## Task data

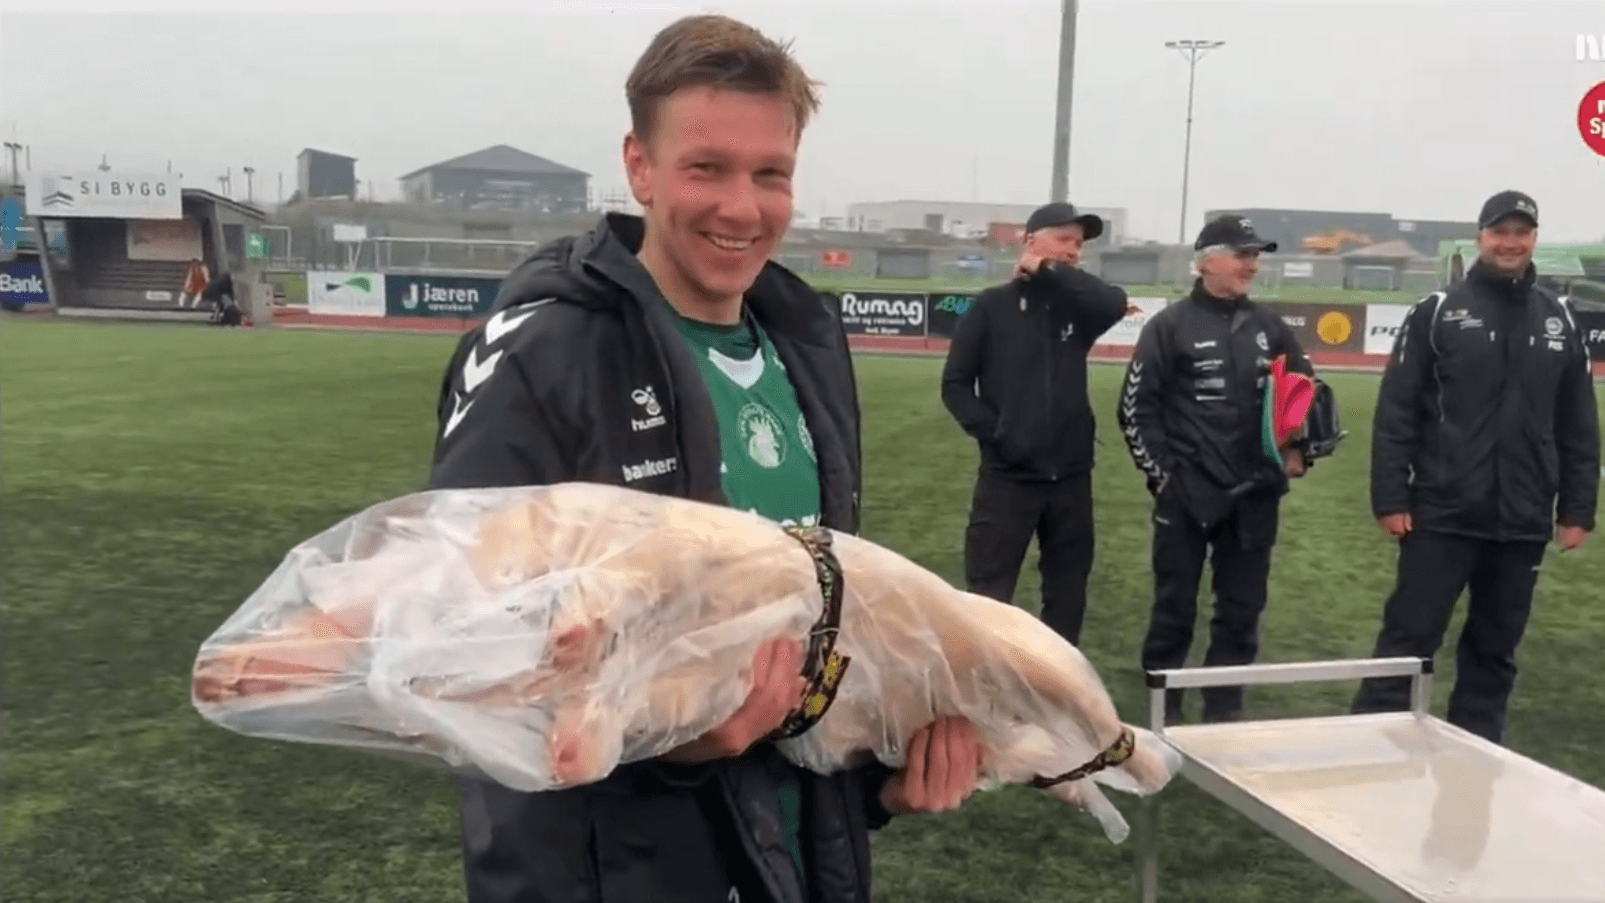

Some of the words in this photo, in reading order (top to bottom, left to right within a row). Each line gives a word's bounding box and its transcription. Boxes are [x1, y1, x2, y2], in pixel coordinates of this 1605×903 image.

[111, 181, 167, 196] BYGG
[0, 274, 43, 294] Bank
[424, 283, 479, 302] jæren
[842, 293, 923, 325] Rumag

## The problem
Output all of the data above exactly; no pictures should appear.

## Response to the exercise
Some of the words in this photo, in reading order (top to bottom, left to right within a row). Each line gives a word's bounding box and its transcription. Boxes are [x1, y1, x2, y2], in pixel coordinates of this 1605×903 image.

[111, 181, 167, 196] BYGG
[0, 274, 43, 294] Bank
[424, 283, 479, 302] jæren
[842, 293, 923, 325] Rumag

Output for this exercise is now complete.